On January 7, 2021, Devon and WPX completed an all-stock merger of equals. WPX was an oil and gas exploration and production company with assets in the Delaware Basin in Texas and New Mexico and the Williston Basin in North Dakota. This merger enhanced the scale of our operations, built a leading position in the Delaware Basin and accelerated our cash-return business model that prioritizes free cash flow generation and the return of capital to shareholders. In accordance with the Merger Agreement, WPX shareholders received a fixed exchange of 0.5165 shares of Devon common stock for each share of WPX common stock owned. The combined company continues to operate under the name Devon. Our principal and administrative offices are located at 333 West Sheridan, Oklahoma City, OK 73102-5015 (telephone 405-235-3611).

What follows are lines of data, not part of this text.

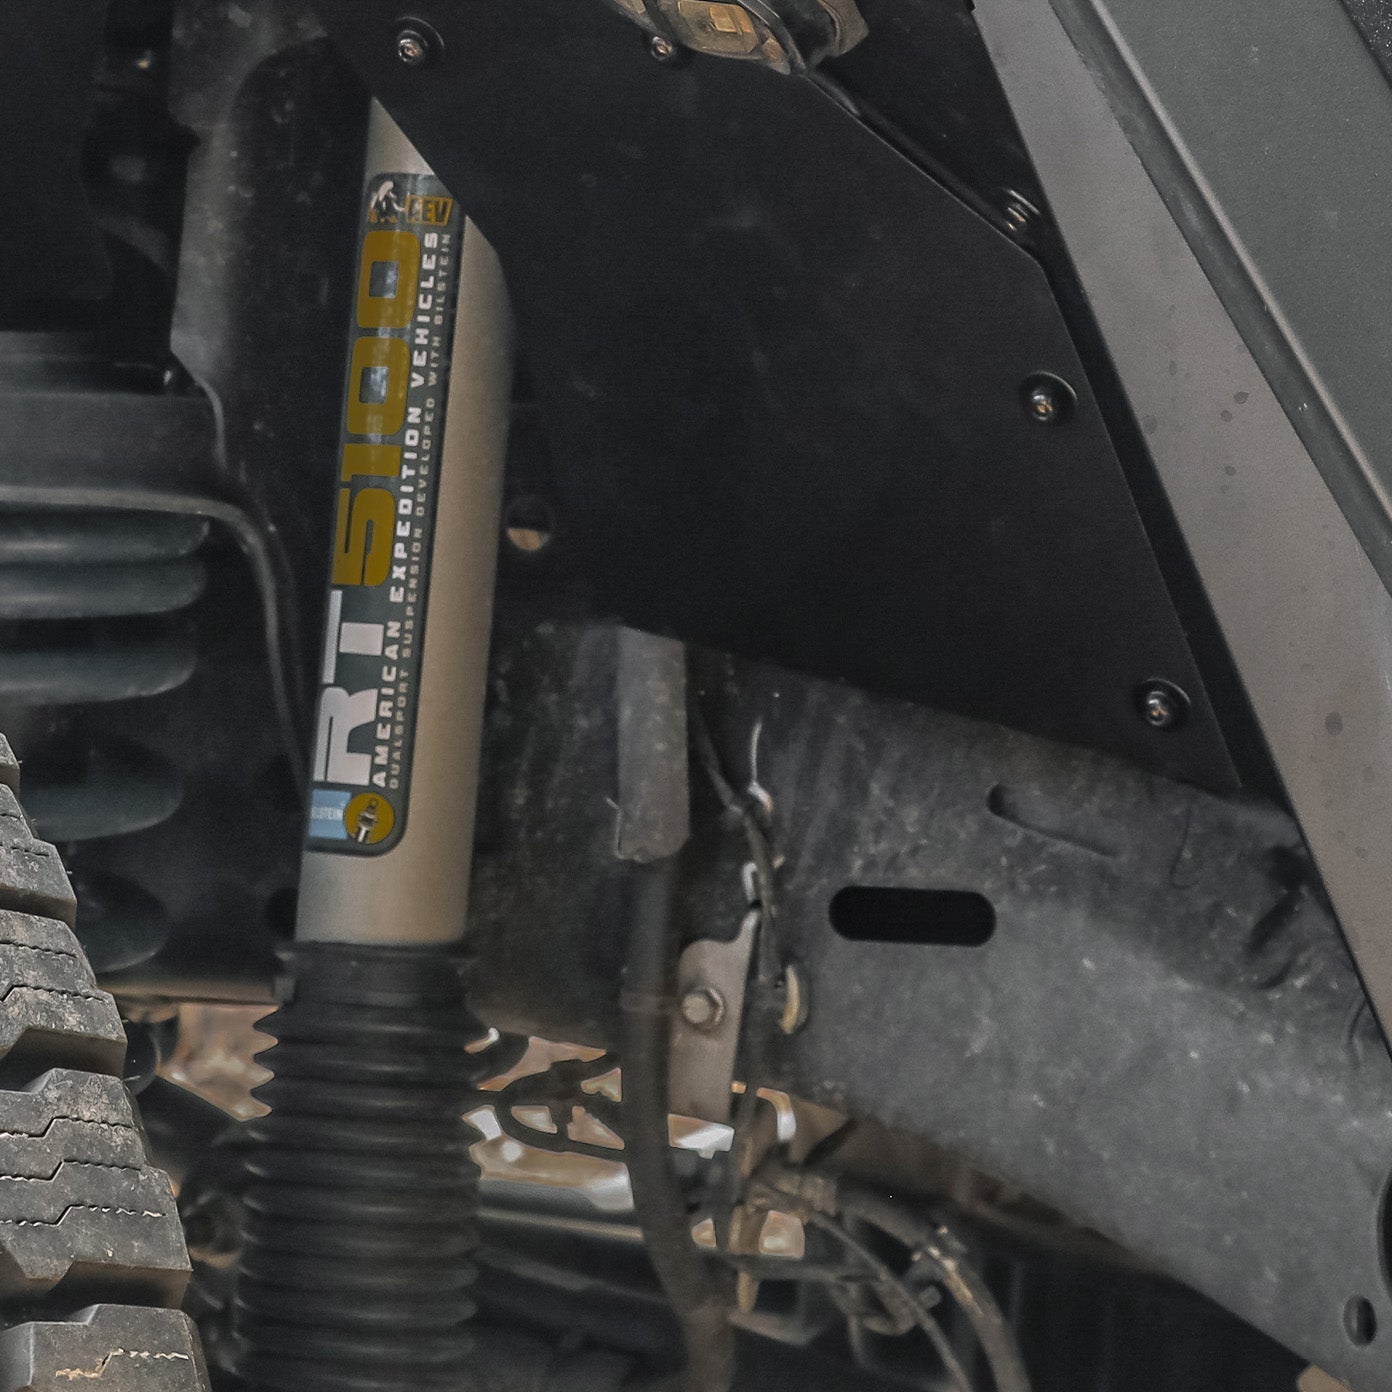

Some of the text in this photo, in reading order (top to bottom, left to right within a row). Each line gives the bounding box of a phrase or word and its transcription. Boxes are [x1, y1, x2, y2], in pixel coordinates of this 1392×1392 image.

[372, 232, 439, 788] AMERICAN EXPEDITION VEHICLES
[389, 234, 451, 789] DUALSPORT SUSPENSION DEVELOPED WITH BILSTEIN
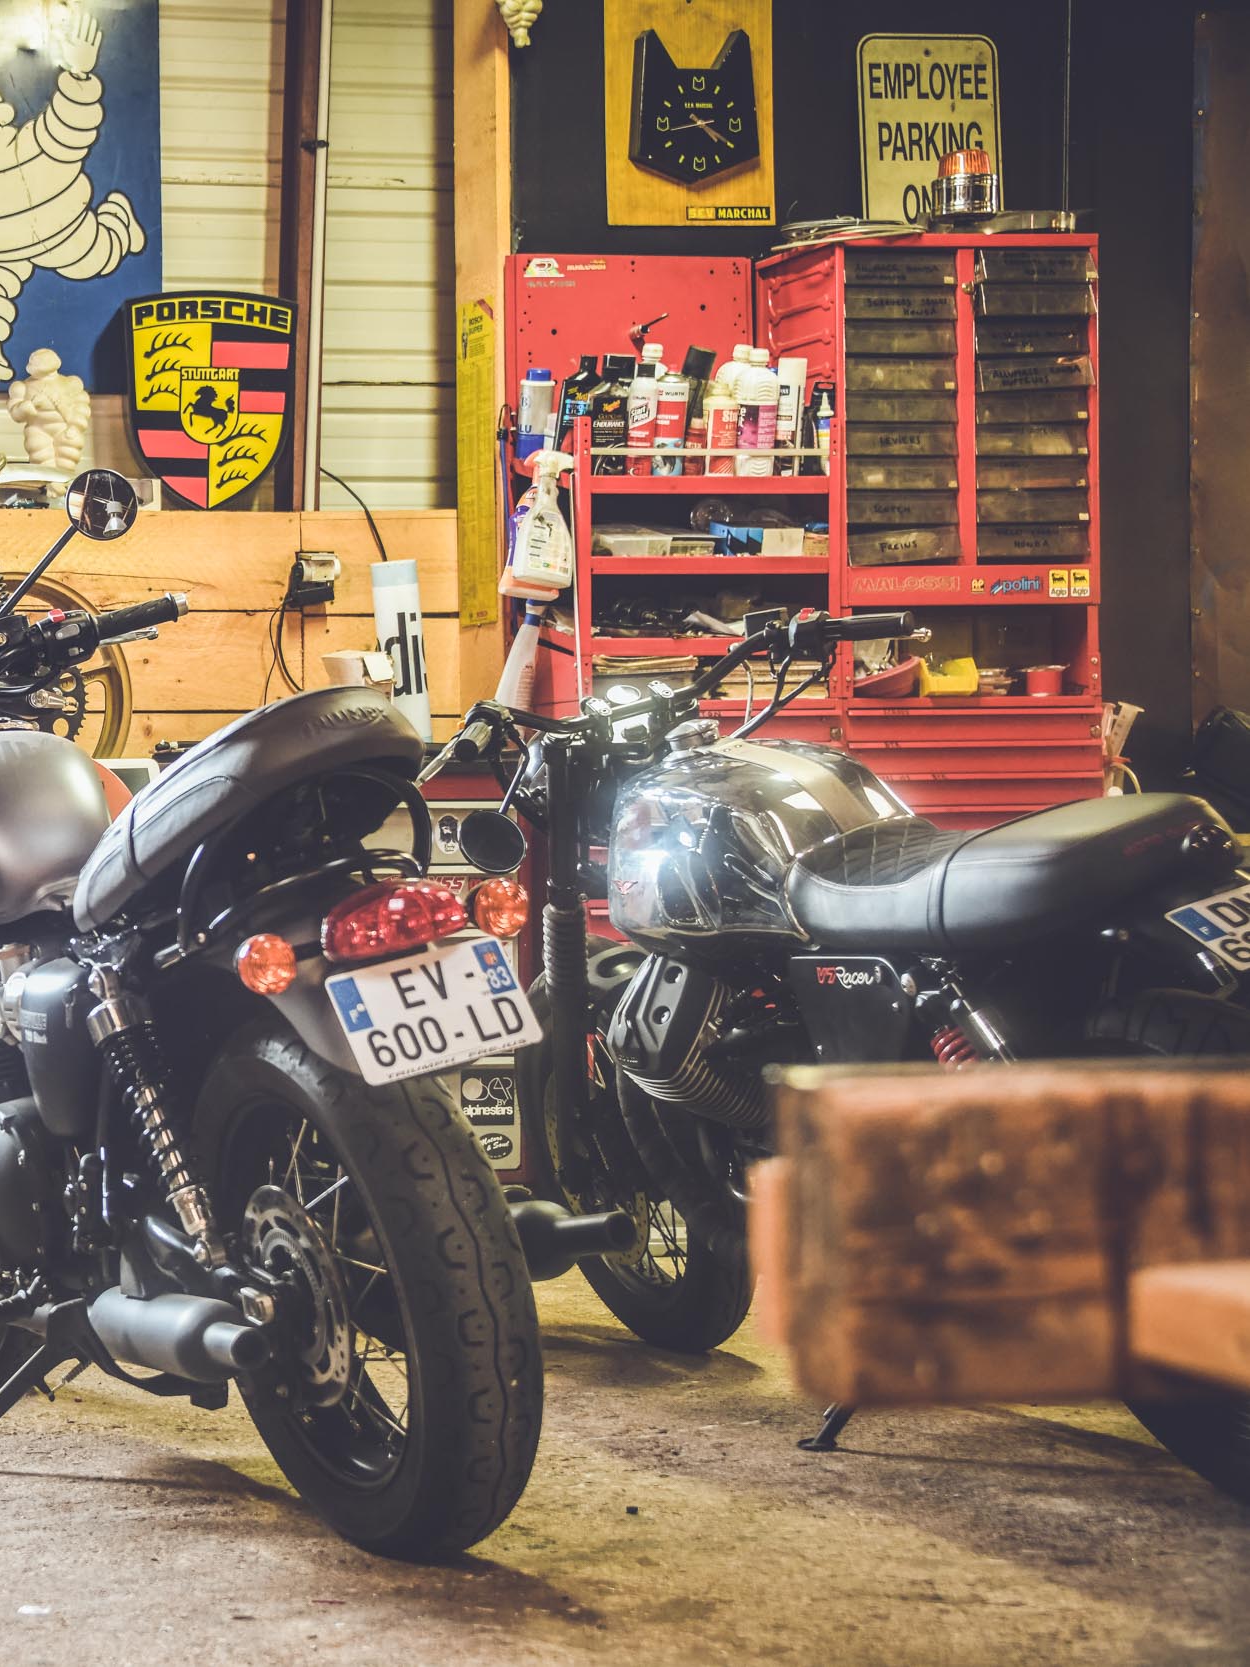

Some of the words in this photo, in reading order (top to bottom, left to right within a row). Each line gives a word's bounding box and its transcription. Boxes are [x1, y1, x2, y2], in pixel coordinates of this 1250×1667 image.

[868, 63, 988, 100] EMPLOYEE
[878, 121, 983, 161] PARKING
[717, 207, 768, 219] MARCHAL
[903, 184, 934, 224] ON
[134, 300, 291, 331] PORSCHE
[181, 368, 240, 381] STUTTGART
[1002, 576, 1041, 593] polini
[390, 960, 449, 1010] EV
[486, 965, 511, 989] 83
[462, 1105, 514, 1118] alpinestars
[496, 1099, 508, 1107] BY
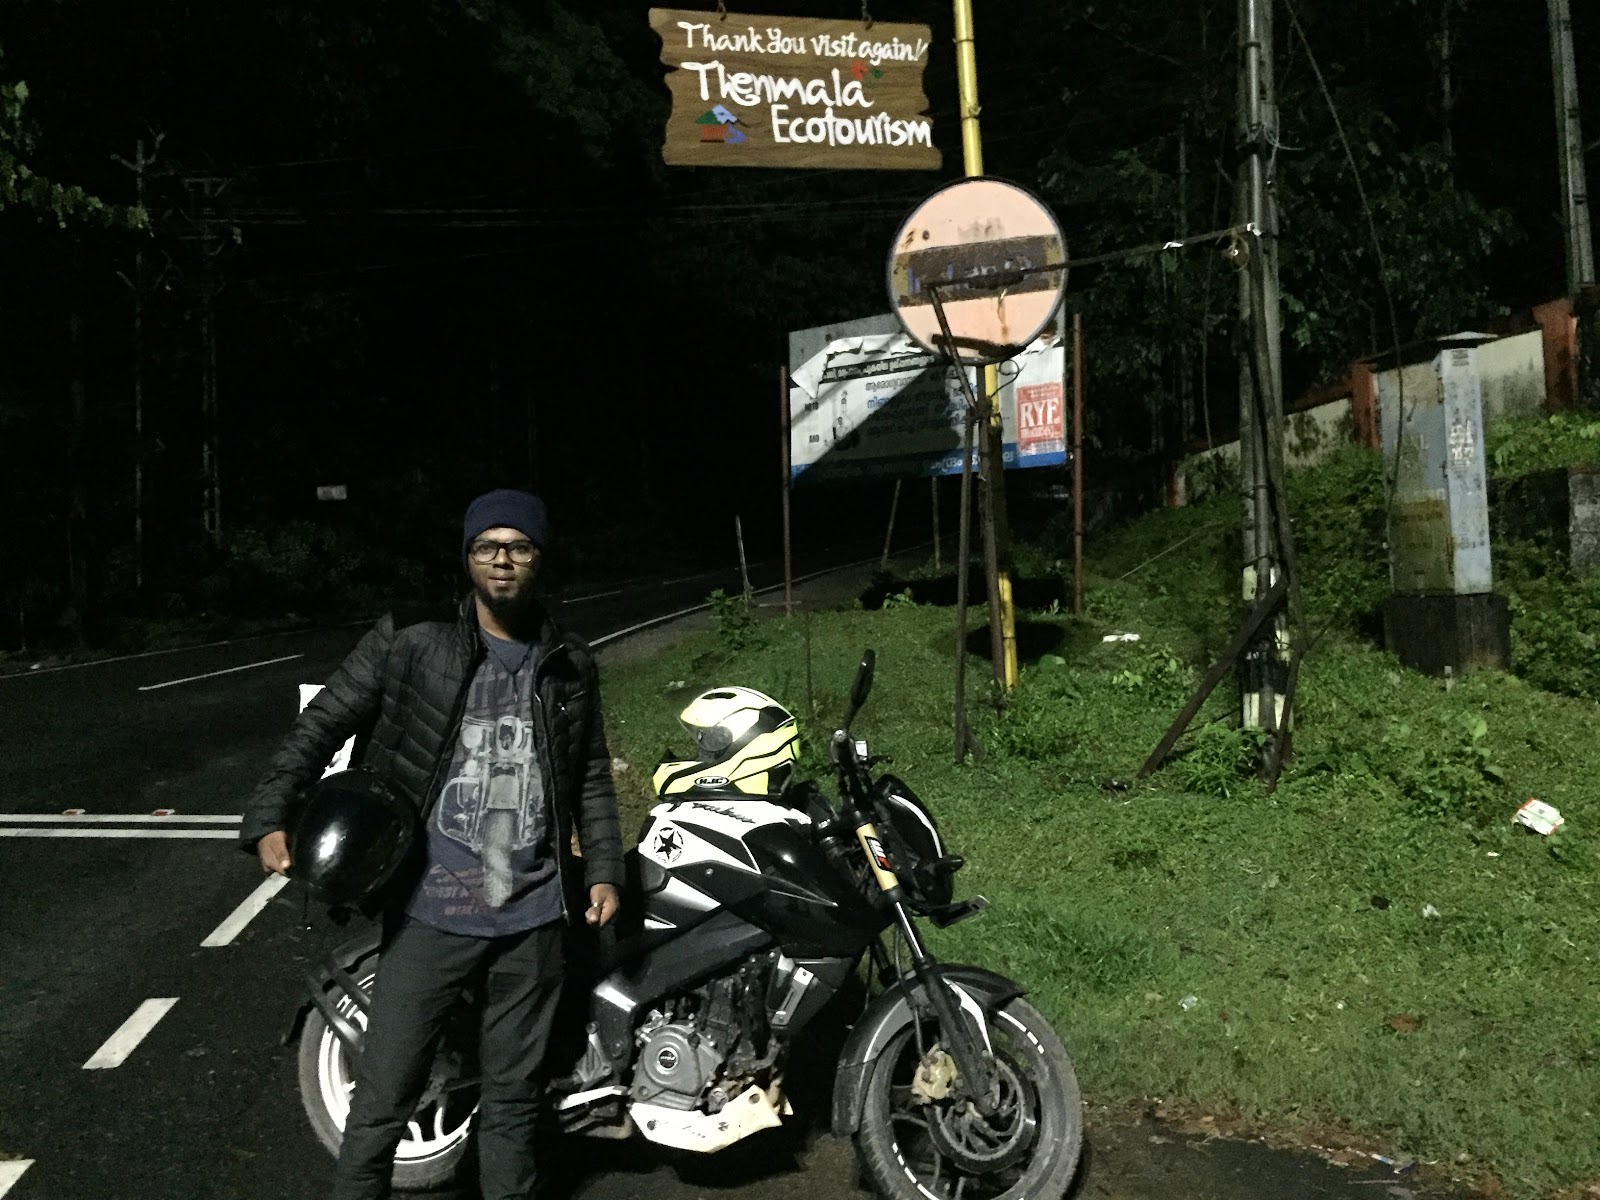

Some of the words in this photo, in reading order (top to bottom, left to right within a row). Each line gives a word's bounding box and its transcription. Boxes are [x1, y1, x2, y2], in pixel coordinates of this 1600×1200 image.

[677, 21, 766, 52] Thank
[810, 32, 858, 58] visit
[680, 60, 874, 107] Thenmala
[771, 104, 932, 148] Ecotourism

Devon files or furnishes annual reports on Form 10-K, quarterly reports on Form 10-Q and current reports on Form 8-K, as well as any amendments to these reports, with the SEC. Through our website, www.devonenergy.com, we make available electronic copies of the documents we file or furnish to the SEC, the charters of the committees of our Board of Directors and other documents related to our corporate governance. The corporate governance documents available on our website include our Code of Ethics for Chief Executive Officer, Chief Financial Officer and Chief Accounting Officer, and any amendments to and waivers from any provision of that Code will also be posted on our website. Access to these electronic filings is available free of charge as soon as reasonably practicable after filing or furnishing them to the SEC. Printed copies of our committee charters or other governance documents and filings can be requested by writing to our corporate secretary at the address on the cover of this report. Reports filed with the SEC are also made available on its website at www.sec.gov.
Our Strategy
Our business strategy is focused on delivering a consistently competitive shareholder return among our peer group. Because the business of exploring for, developing and producing oil and natural gas is capital intensive, delivering sustainable, capital efficient cash flow growth is a key tenet to our success. While our cash flow is highly dependent on volatile and uncertain commodity prices, we pursue our strategy throughout all commodity price cycles with four fundamental principles.
Proven and responsible operator – We operate our business with the interests of our stakeholders and our ESG values in mind. With our vision to be a premier independent oil and natural gas exploration and production company, the work our employees do every day contributes to the local, national and global economies. We produce a valuable commodity that is fundamental to society, and we endeavor to do so in a safe, environmentally responsible and ethical way, while striving to deliver strong returns to our shareholders. We have an ongoing commitment to transparency in reporting our ESG performance. We continue to establish new environmental performance targets for our company and further incorporate ESG initiatives into our compensation structure.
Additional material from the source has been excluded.